MAJOR: ring: implement a waiting queue in front of the ring

The queue-based approach consists in forcing threads to wait away from
the work area so as not to disturb the current writer, and to prepare
the work by grouping them in a queue. The last arrived takes the head
of the queue by placing its preinitialized ring cell there, becomes the
queue's leader, informs itself about the amount of previously accumulated
bytes so that when its turn comes, it immediately knows how much room is
needed to be released.

It can then take the whole queue with it, leaving an empty one for new
threads to come while it's releasing the room needed to copy everything.

By doing so we're cascading contention areas so that multiple parts can
work in parallel.

Note that we must never leave a write counter set to 0xFF at tail, and
this happens when a message cannot fit and we give up, because in this
case we're writing back tail_ofs, and only later we restore the counter.

The solution here is to make a special case when we're going to drop
the messages, and to write the readers count before restoring tail.

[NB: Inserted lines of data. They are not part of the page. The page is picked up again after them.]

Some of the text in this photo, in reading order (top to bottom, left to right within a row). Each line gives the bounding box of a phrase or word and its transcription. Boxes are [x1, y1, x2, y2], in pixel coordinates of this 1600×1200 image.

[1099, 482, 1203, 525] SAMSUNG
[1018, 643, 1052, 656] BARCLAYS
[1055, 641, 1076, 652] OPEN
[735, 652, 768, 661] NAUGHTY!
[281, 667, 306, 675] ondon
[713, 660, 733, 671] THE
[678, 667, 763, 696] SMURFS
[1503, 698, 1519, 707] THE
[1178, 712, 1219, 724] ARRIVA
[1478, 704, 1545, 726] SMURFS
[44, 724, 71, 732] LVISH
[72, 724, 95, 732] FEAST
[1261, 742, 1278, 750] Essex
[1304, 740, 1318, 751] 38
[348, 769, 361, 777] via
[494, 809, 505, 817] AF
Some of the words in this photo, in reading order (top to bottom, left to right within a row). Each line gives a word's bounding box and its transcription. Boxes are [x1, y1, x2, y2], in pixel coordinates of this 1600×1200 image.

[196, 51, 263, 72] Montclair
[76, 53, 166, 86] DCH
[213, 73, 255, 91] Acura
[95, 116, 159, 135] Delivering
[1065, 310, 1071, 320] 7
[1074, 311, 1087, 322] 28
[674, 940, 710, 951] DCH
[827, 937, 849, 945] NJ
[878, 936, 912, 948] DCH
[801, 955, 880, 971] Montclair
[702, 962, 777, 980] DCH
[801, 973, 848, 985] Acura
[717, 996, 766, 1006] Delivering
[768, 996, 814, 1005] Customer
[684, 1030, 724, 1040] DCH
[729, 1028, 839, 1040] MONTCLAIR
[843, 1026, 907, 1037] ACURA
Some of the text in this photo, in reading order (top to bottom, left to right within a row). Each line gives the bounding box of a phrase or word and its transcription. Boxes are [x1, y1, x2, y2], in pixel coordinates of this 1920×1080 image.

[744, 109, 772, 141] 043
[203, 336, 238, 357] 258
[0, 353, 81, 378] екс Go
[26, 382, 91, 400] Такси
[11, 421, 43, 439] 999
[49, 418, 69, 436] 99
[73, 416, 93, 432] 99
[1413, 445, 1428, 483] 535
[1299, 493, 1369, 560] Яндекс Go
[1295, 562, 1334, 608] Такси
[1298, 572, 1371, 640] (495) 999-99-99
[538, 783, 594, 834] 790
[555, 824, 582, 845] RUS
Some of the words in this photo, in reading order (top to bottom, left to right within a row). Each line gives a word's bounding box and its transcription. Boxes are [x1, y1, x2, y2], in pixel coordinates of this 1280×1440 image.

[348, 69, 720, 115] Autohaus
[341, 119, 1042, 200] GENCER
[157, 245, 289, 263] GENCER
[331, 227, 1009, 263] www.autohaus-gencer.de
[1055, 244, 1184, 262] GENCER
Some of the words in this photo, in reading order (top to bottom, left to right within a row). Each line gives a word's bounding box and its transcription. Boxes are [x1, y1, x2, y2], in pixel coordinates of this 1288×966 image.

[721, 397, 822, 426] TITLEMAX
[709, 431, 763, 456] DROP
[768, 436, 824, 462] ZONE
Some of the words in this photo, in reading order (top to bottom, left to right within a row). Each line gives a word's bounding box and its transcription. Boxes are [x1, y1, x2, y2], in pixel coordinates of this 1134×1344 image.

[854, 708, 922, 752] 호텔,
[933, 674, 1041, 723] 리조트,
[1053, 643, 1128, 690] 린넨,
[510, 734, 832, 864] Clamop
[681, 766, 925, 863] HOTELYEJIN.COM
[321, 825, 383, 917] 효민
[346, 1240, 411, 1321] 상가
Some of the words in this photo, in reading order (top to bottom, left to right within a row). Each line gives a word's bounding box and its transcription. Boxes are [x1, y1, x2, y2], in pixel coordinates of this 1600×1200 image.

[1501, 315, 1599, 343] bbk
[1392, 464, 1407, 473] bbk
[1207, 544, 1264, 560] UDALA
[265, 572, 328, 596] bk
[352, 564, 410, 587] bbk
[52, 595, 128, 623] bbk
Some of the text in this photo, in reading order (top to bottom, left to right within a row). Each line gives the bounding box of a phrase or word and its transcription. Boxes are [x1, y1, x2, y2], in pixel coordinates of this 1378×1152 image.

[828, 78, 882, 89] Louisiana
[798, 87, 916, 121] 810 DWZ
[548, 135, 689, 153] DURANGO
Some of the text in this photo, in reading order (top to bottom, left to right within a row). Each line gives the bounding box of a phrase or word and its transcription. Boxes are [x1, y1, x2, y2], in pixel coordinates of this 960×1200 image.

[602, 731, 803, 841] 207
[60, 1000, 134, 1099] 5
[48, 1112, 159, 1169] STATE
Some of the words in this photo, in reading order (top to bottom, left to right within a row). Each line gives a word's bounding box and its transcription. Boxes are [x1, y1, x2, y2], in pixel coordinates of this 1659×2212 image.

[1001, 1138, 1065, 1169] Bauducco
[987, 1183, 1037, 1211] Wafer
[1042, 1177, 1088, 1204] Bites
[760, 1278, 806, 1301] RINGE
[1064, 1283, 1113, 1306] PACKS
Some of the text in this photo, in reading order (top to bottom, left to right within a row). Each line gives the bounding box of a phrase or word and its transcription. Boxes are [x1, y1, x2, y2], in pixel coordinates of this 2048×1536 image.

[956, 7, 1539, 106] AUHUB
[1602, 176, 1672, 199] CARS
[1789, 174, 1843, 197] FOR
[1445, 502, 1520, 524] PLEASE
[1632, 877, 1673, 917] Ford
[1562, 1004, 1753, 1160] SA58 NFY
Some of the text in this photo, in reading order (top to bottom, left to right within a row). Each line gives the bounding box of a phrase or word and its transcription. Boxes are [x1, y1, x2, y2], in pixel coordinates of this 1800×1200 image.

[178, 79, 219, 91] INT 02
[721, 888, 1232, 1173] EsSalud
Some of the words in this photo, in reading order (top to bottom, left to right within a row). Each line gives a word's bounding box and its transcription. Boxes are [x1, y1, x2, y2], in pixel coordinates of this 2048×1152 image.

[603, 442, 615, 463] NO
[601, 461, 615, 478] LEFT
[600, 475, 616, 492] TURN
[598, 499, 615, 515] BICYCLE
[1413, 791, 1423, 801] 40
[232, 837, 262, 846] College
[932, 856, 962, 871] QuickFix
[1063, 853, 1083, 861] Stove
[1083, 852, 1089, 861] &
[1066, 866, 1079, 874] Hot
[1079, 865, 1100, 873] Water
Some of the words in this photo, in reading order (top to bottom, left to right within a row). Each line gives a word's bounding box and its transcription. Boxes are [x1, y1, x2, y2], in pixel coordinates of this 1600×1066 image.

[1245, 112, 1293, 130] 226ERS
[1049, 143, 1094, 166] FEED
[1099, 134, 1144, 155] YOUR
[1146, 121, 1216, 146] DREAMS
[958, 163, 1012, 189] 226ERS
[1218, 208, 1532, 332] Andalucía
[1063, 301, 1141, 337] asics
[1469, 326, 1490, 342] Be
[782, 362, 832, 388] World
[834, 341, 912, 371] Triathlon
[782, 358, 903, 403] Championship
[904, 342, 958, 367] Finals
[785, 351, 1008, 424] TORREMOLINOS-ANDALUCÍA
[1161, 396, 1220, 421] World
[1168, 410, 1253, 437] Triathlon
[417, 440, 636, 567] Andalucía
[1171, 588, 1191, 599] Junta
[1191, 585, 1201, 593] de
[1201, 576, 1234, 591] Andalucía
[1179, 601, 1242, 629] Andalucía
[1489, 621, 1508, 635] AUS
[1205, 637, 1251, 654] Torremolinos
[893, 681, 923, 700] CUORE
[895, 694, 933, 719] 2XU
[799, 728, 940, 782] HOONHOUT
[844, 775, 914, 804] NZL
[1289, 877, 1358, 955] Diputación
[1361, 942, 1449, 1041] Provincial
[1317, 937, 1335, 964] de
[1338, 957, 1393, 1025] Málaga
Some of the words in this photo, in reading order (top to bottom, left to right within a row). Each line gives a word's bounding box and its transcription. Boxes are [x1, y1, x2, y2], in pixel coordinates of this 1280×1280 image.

This already shows a tremendous performance gain on ARM (385k -> 4.8M),
thanks to the fact that now all waiting threads wait on the queue's
head instead of polluting the tail lock. On x86_64, the EPYC sees a big
boost at 24C48T (1.88M -> 3.82M) and a slowdown at 3C6T (6.0->4.45)
though this one is much less of a concern as so few threads need less
bandwidth than bigger counts.